Race also played a role, although again in a more nuanced way
than conventional wisdom might suggest. Looking at race alone, the
skin color of defendants barely mattered, while that of victims
proved decisive. Thus, defendants who killed whites were two to
three times as likely to receive death sentences than those who
killed nonwhites.
Moreover, racial bias popped up only at the initial trial stages
- when prosecutors were deciding whether to seek a death sentence.
So while judges and juries tended not to render biased sentences,
the initial stacking of the caseload meant the system still worked
unfairly, the study concluded.
"The tendency of prosecutors to sink their teeth into a defendant
and then try to resolve the case - even when other evidence comes
forward - is well known," says Roger Pilon, vice president for legal
affairs at the Cato Institute, a libertarian think tank in
Washington.
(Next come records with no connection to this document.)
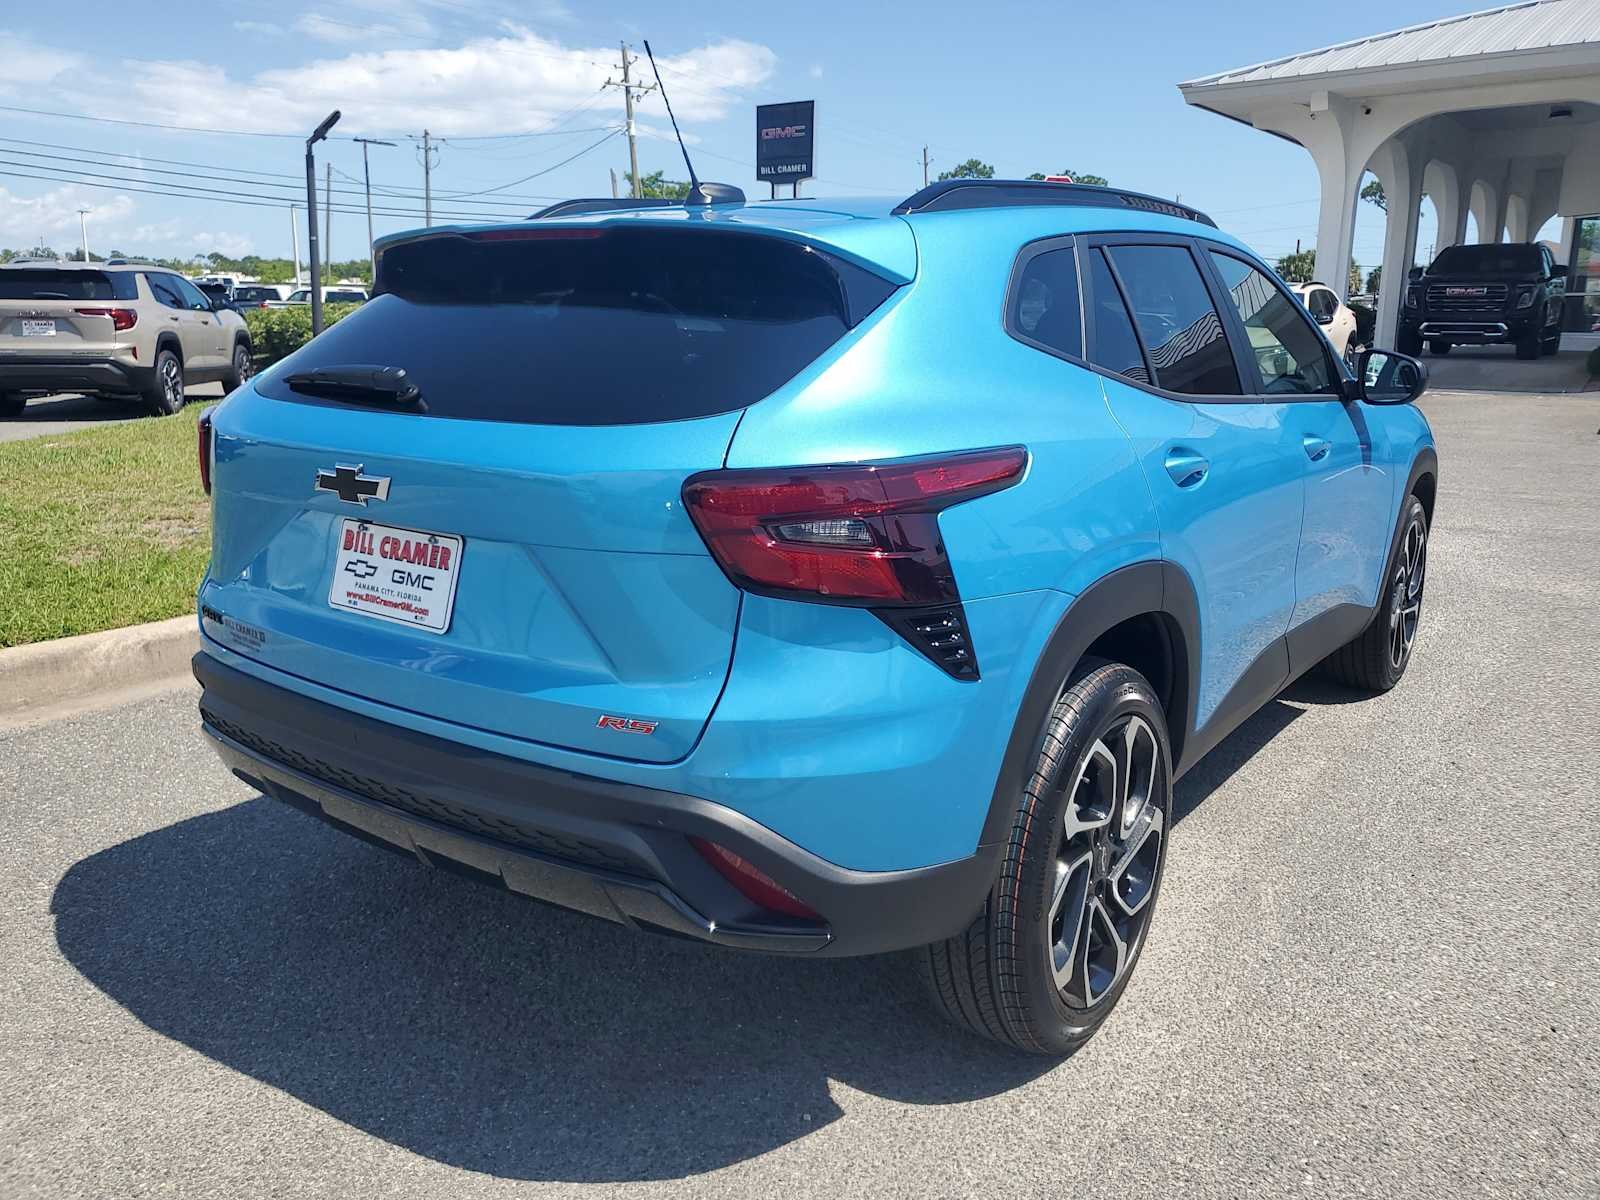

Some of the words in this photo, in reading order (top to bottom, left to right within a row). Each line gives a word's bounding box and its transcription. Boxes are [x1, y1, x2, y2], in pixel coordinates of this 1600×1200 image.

[762, 125, 806, 140] GMC
[760, 165, 776, 175] BILL
[777, 163, 807, 174] CRAMER
[343, 529, 374, 555] BILL
[380, 536, 451, 571] CRAMER
[391, 569, 435, 591] GMC
[355, 581, 380, 592] PANAMA
[396, 592, 422, 603] FLORIDA
[596, 714, 660, 735] RS
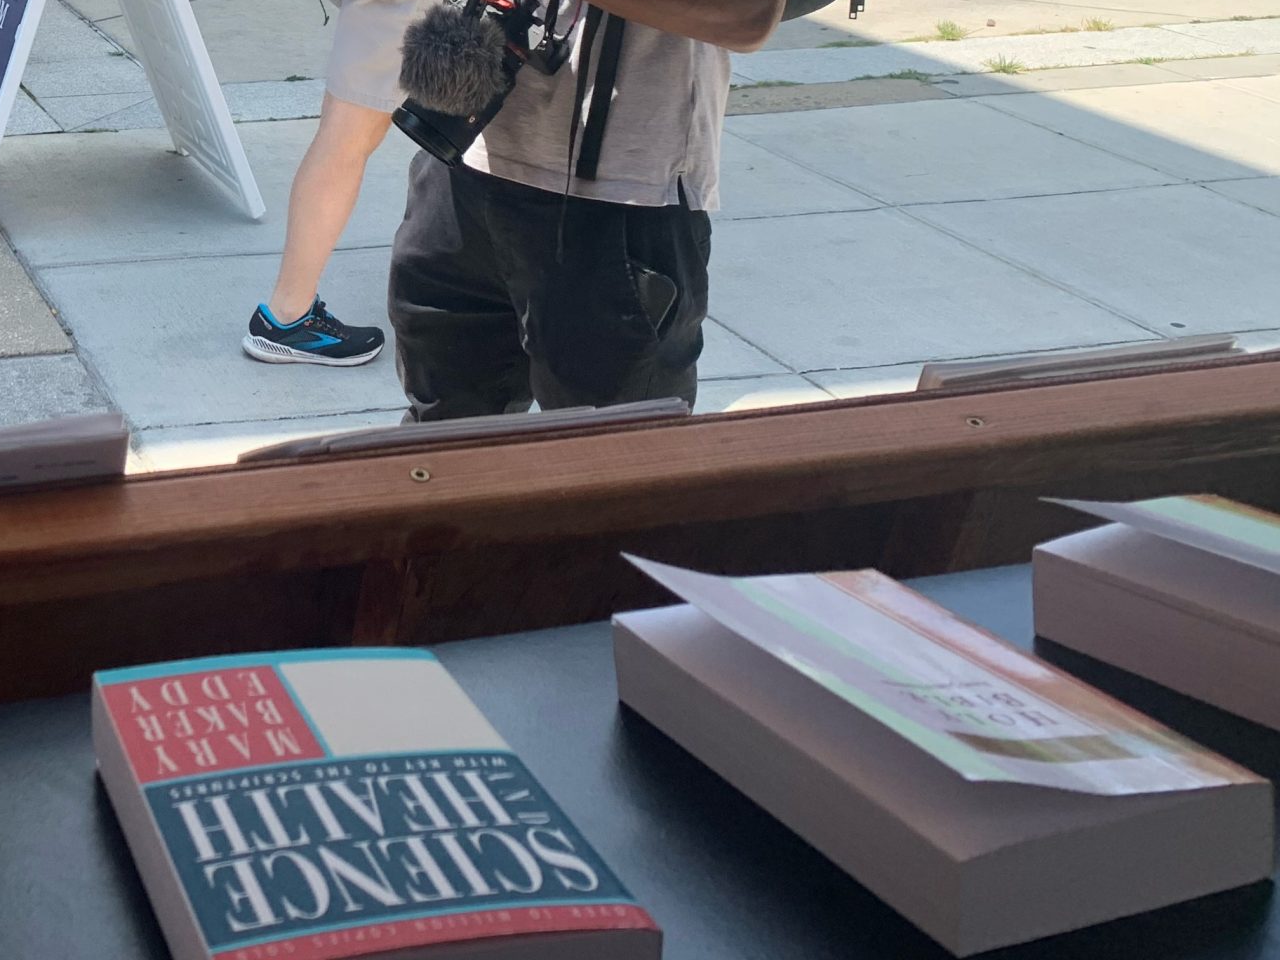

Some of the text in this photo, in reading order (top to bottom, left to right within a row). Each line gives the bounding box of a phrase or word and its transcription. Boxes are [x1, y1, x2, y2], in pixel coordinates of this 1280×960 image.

The governor's move in Illinois "is generating a healthy
skepticism about the quality of our prosecutorial system."
Still, healthy skepticism may not change much. Observers say
states such as Texas and Oklahoma are almost certain not to
investigate their systems thoroughly the way Illinois has. Even
Maryland looks unlikely to make wholesale changes, with memories of
last year's sniper attacks still fresh. Its governor-elect, Robert
Ehrlich, has pledged to lift the death-penalty moratorium once he
takes office.
"These things go in waves, and it's hard to say where this will
go," says Mr. Pilon of the Cato Institute. But "you have the sniper
cases that come along - the serial murderers - and these cases will
continue to generate demand for the death penalty."